La causa venne intentata dinanzi ad una corte statale del Texas perché la sezione 71.031 del Texas Civil Practice and Remedies Code stabiliva che “La morte o le lesioni personali ad un cittadino di questo stato, degli Stati Uniti o di un paese straniero danno luogo al diritto di promuovere un’azione risarcitoria presso le corti di questo stato, anche se l’atto illecito, l’omissione o l’inadempimento che ha causato la morte o le lesioni ha luogo in un paese straniero”24. Le multinazionali convenute sostennero però che la corte del Texas era forum non conveniens (ossia foro non idoneo a decidere la controversia), e che le corti presso le quali sarebbe stato più appropriato discutere la causa erano le corti nazionali del Costa Rica; il tribunale concordò con la loro tesi.

I lavoratori presentarono appello innanzi la Harris County Court: quest’ultima affermò la sua giurisdizione in una sofferta decisione presa a maggioranza 3:1, ma nel 1990 le multinazionali si appellarono alla Texas Supreme Court, reiterando la loro eccezione di forum non conveniens25. In questa fase le multinazionali ottennero il sostegno di una quarantina di altre grandi compagnie, che presentarono degli amicus curiae briefs alla Corte, sostenendo che quest’ultima dovesse sposare la dottrina del forum non conveniens.
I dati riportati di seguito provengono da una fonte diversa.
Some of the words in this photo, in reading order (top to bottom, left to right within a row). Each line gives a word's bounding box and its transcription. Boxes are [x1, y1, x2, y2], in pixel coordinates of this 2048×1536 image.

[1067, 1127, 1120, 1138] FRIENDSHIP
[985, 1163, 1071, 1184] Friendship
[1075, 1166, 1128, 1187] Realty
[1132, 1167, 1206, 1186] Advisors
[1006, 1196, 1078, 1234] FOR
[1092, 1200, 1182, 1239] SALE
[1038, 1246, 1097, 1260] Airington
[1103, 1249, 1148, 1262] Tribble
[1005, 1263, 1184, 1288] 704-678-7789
Alla fine di accesi dibattiti tra i membri della Corte, questa emise a maggioranza una decisione che rigettò completamente la dottrina del forum non conveniens, e mantenne per i cittadini del Costa Rica la possibilità di accesso alle corti statunitensi. Inoltre la sentenza della Texas Supreme Court costituì un precedente, che dava anche ad altri residenti al di fuori degli Stati Uniti l’opportunità di agire in giudizio contro multinazionali americane, presentando i relativi casi in corti del Texas.

L’opinione convergente del giudice Lloyd Doggett è particolarmente significativa e innovativa, perché articola con precisione le motivazioni per cui il caso Dow Chemical Co. v. Castro Alfaro doveva, a suo giudizio, essere discusso in una corte del Texas.
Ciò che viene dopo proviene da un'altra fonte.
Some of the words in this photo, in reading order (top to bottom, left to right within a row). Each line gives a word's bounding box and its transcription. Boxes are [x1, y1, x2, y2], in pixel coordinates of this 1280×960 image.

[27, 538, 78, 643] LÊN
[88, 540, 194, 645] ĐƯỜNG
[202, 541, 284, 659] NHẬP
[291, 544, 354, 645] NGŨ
Scriveva infatti il giudice che le multinazionali attrici avevano sede a Houston, in Texas, che è uno stato degli Stati Uniti, e che i fatti da cui si era originato il caso si erano svolti in Texas o avevano forti connessioni con questo stato. In verità – argomentava il giudice – i lavoratori del Costa Rica erano dipendenti da una compagnia statunitense, lavoravano su una terra di proprietà di cittadini statunitensi, e coltivavano alberi che producevano banane destinate esclusivamente al mercato statunitense. Inoltre, il composto chimico che i lavoratori lamentavano avesse loro causato la sterilità era il risultato di ricerche condotte in laboratori statunitensi, era stato testato, prodotto e venduto da una compagnia statunitense avente sede a Houston ad un’altra compagnia statunitense avente sede a Houston: quest’ultima aveva preso nei suoi uffici statunitensi la decisione di distribuire il DBCP in paesi del terzo mondo. Per tutti questi motivi, concludeva il giudice Doggett, era evidente che le corti del Texas avevano un interesse sostanziale a giudicare il caso26.
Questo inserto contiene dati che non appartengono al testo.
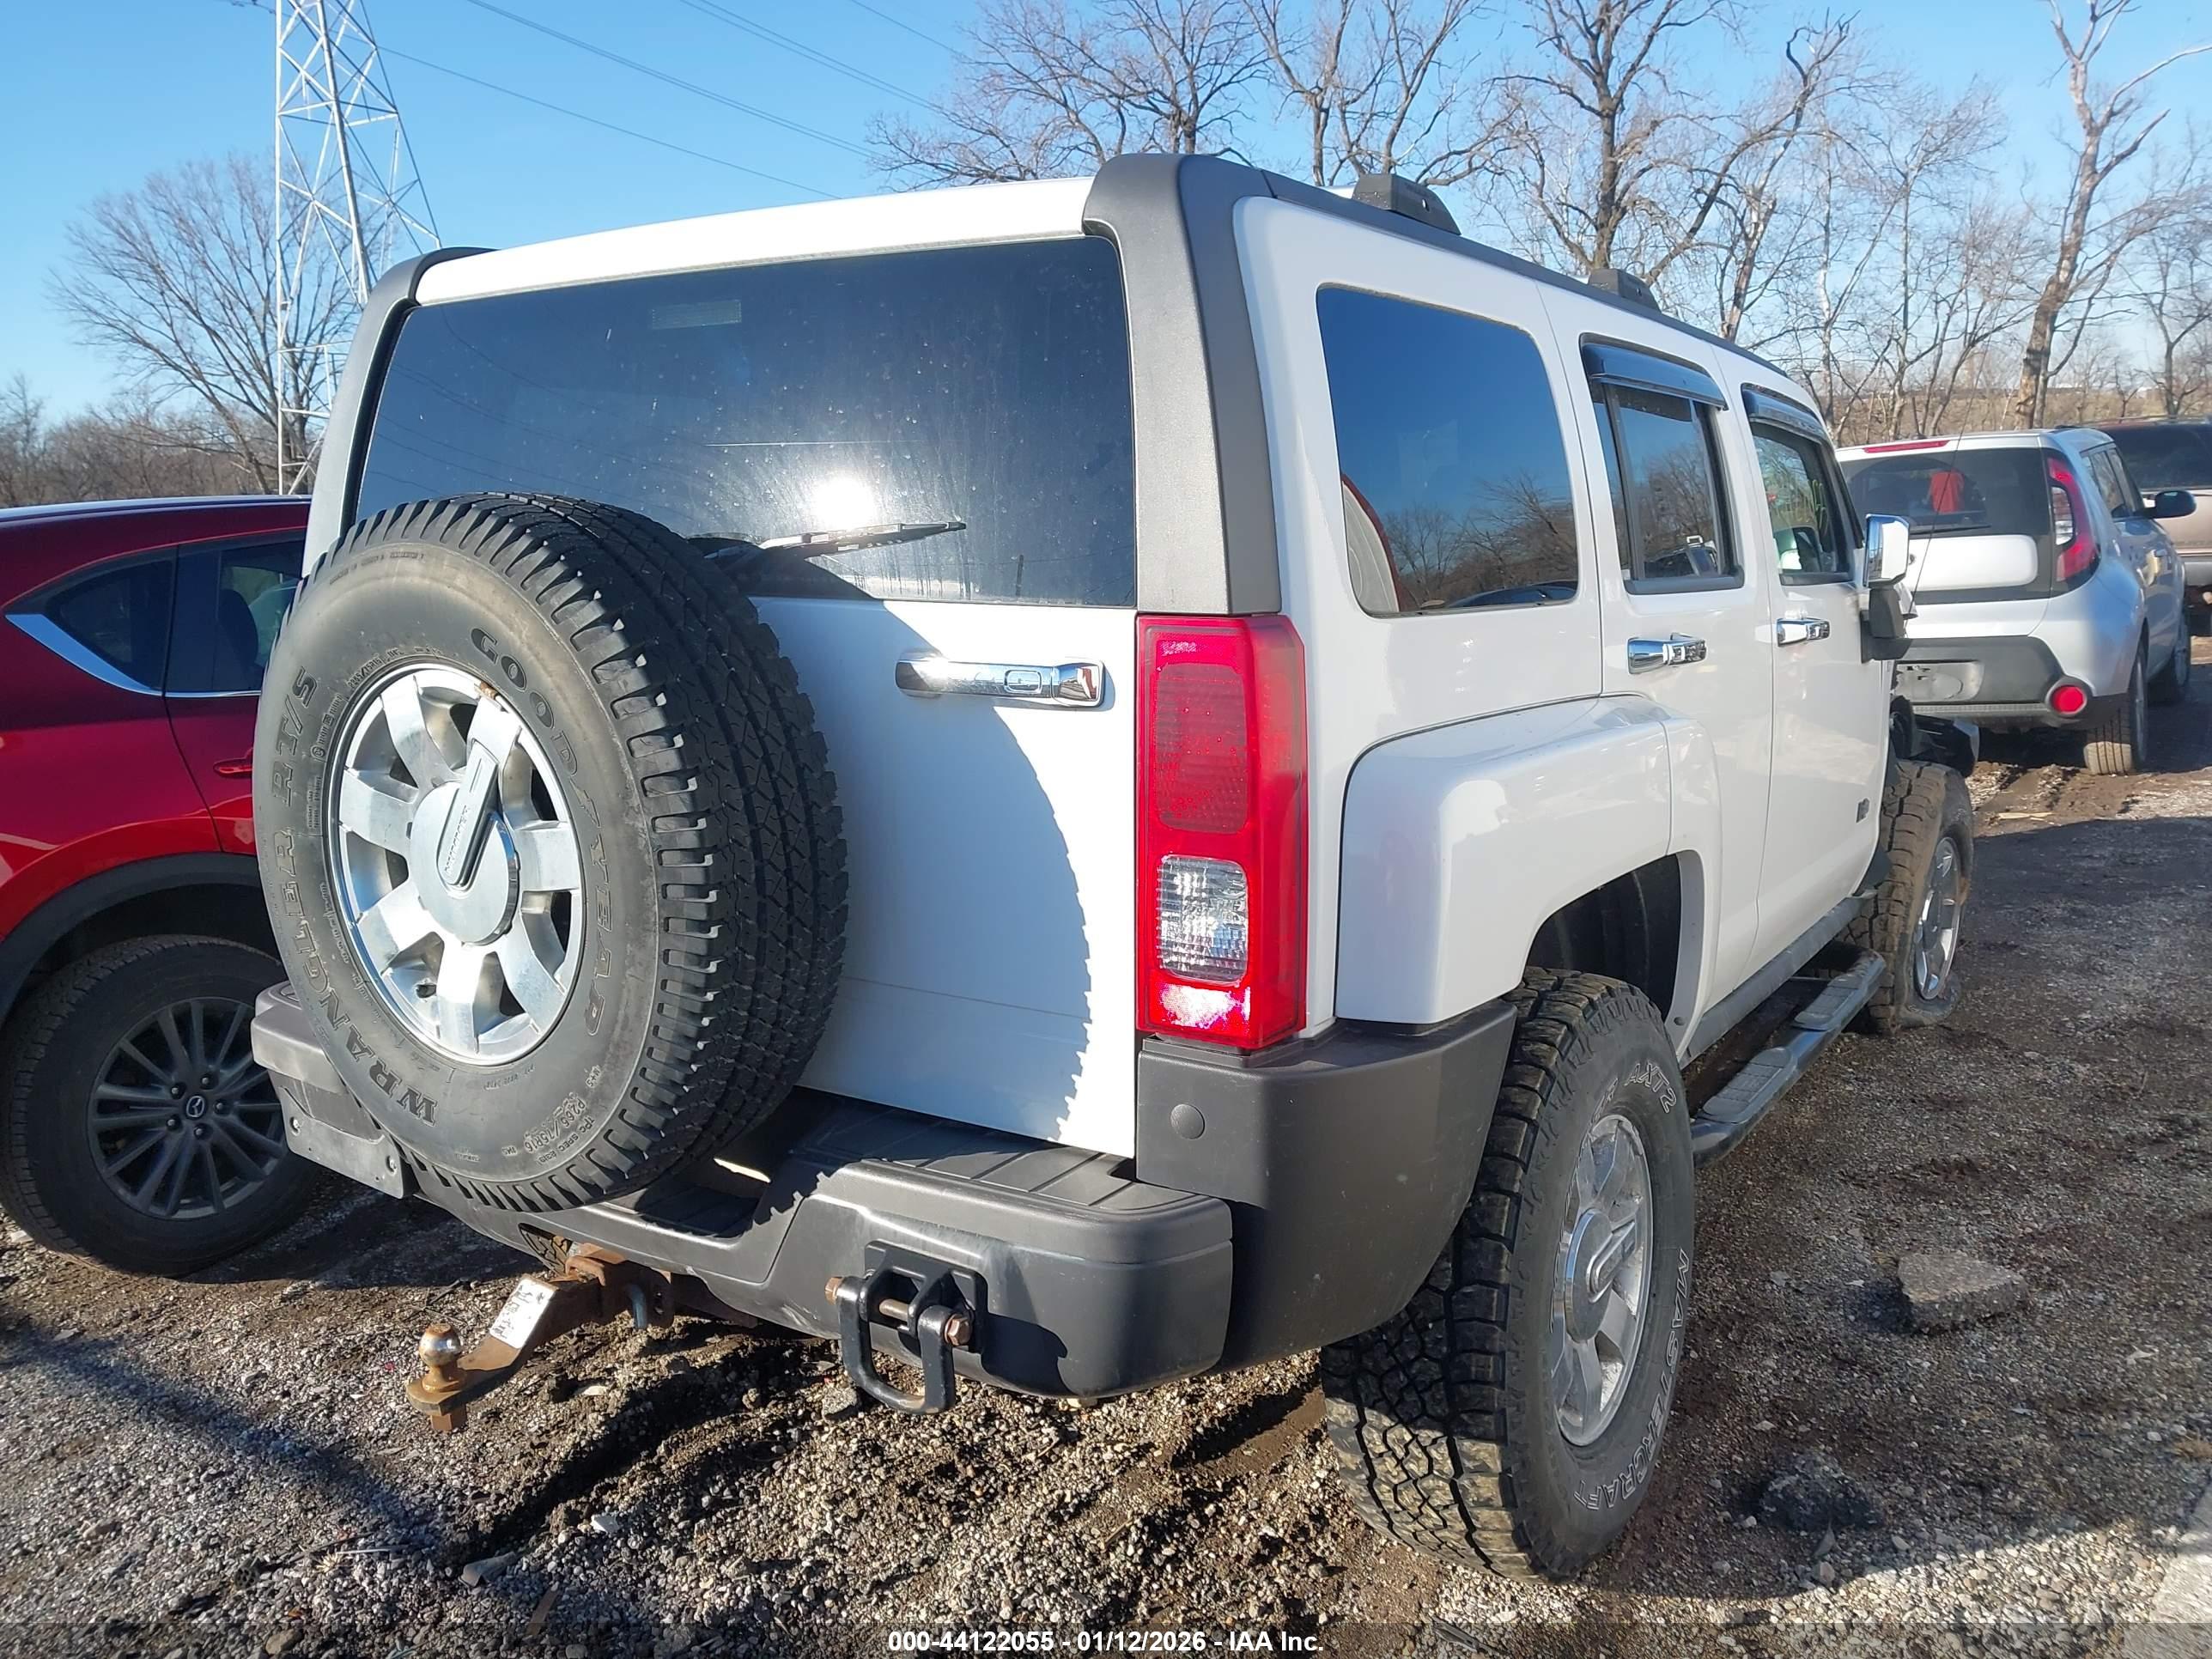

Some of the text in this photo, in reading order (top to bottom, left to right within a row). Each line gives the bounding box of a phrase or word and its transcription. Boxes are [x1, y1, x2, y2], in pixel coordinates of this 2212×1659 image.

[471, 628, 611, 1036] GOODYEAR
[274, 827, 438, 1127] WRANGLER
[524, 1097, 586, 1153] P265/75R16
[558, 1133, 580, 1152] SPEC
[579, 1115, 596, 1134] TPC
[1574, 1248, 1690, 1510] MASTERCRAFT
In un altro passo il giudice Doggett affermava con decisione “La dottrina del forum non conveniens è obsoleta in un mondo in cui i mercati sono globali e in cui gli ecologisti hanno provato il delicato equilibrio di tutte le forme di vita sul pianeta. (…) Questa dottrina permette alle multinazionali di evitare il controllo legale semplicemente perché esse sono, appunto, transnazionali. (…) In assenza di una responsabilità civile negli Stati Uniti per le loro azioni, alcune multinazionali continueranno ad operare senza un adeguato riguardo per i costi umani e ambientali che le loro azioni comportano. Non si può permettere che questo risultato continui a ripetersi per decenni ancora. La dottrina del forum non conveniens deve essere abolita, anche come questione di interesse pubblico”27.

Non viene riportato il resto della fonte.